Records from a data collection
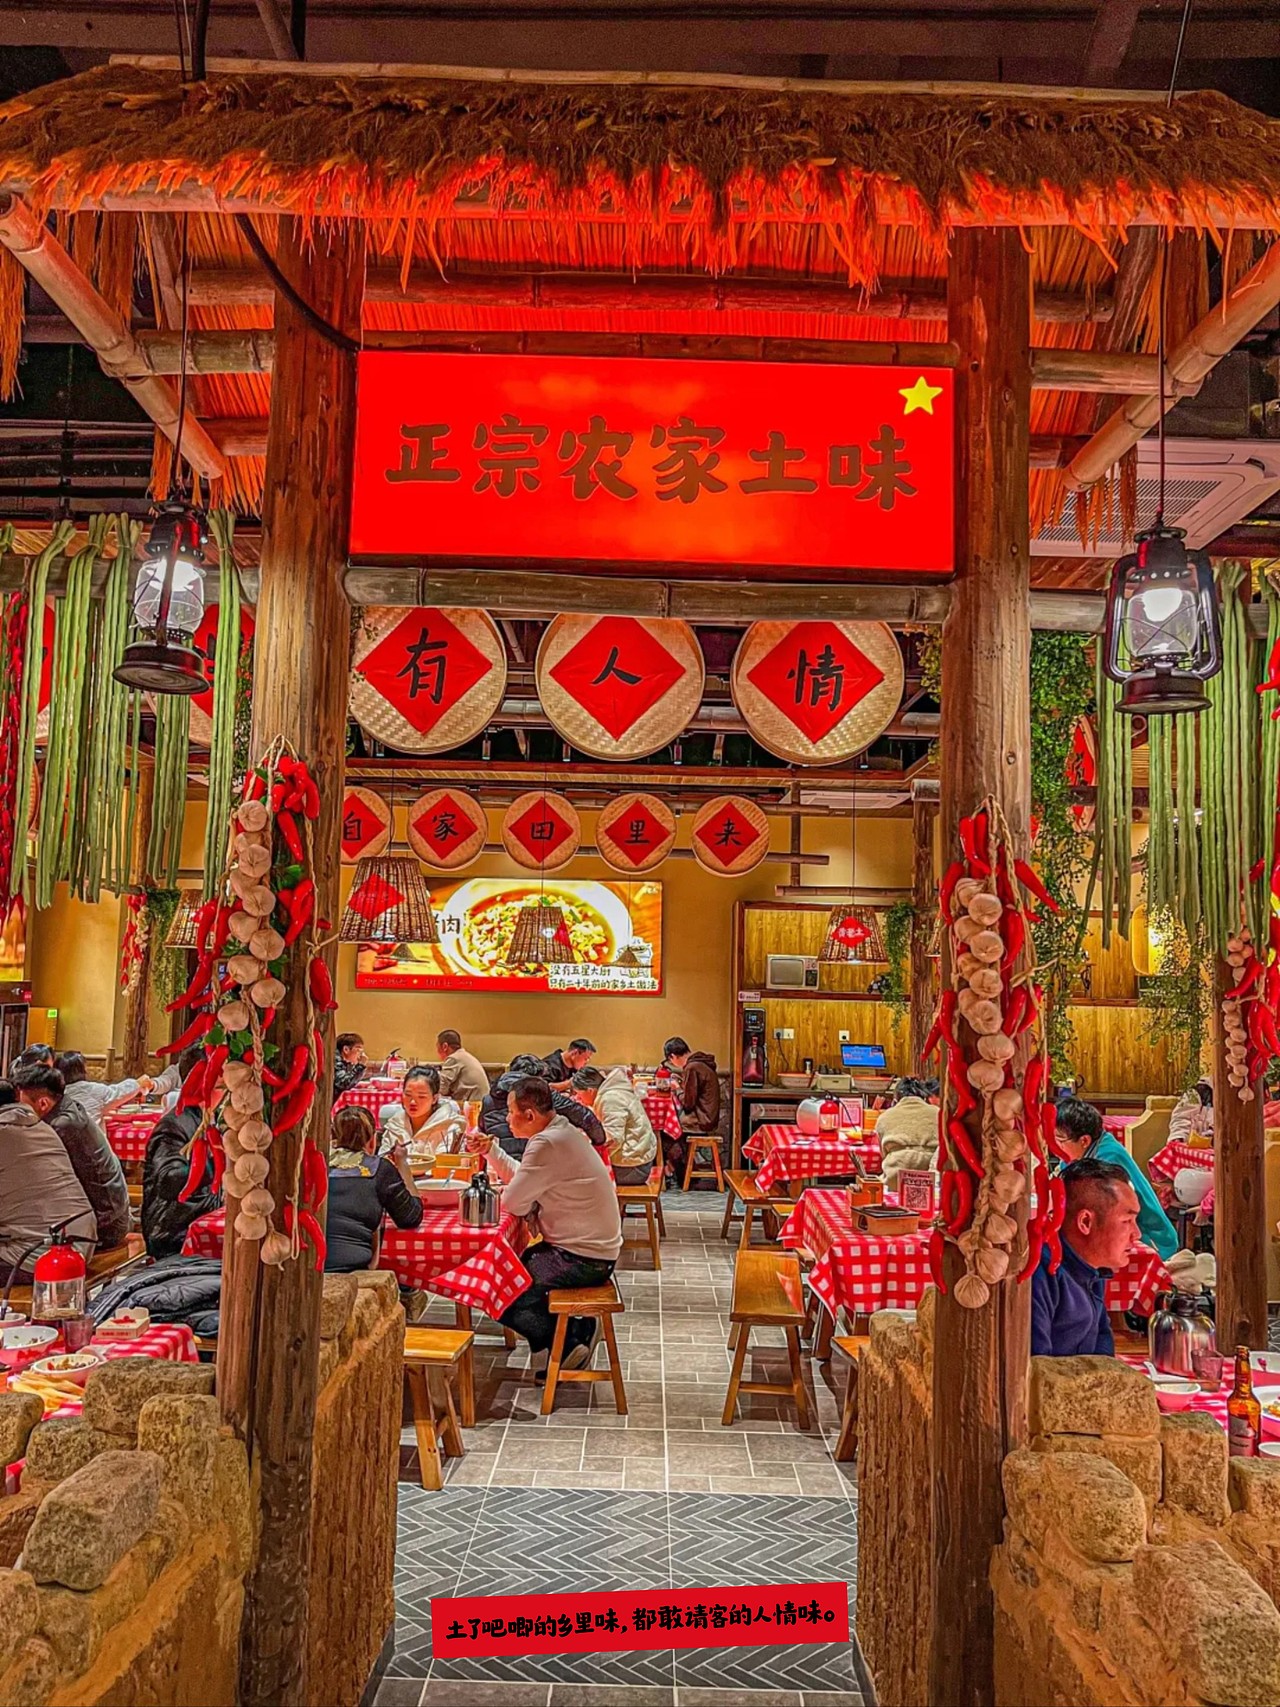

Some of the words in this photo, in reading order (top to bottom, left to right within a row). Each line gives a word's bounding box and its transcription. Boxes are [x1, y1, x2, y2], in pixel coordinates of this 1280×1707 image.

[385, 413, 918, 511] 正宗农家土味
[396, 627, 446, 705] 有
[591, 646, 641, 687] 人
[786, 644, 845, 712] 情
[343, 811, 361, 841] 自
[432, 812, 459, 841] 家
[529, 820, 555, 841] 田
[623, 820, 650, 844] 里
[714, 820, 743, 847] 来
[550, 964, 611, 976] 没有五星大厨

TASK GOAL — The data is to be printed again exactly, but without its pictures.

REPLY TO THE EXERCISE —
Some of the words in this photo, in reading order (top to bottom, left to right within a row). Each line gives a word's bounding box and its transcription. Boxes are [x1, y1, x2, y2], in pixel coordinates of this 1280×1707 image.

[385, 413, 918, 511] 正宗农家土味
[396, 627, 446, 705] 有
[591, 646, 641, 687] 人
[786, 644, 845, 712] 情
[343, 811, 361, 841] 自
[432, 812, 459, 841] 家
[529, 820, 555, 841] 田
[623, 820, 650, 844] 里
[714, 820, 743, 847] 来
[550, 964, 611, 976] 没有五星大厨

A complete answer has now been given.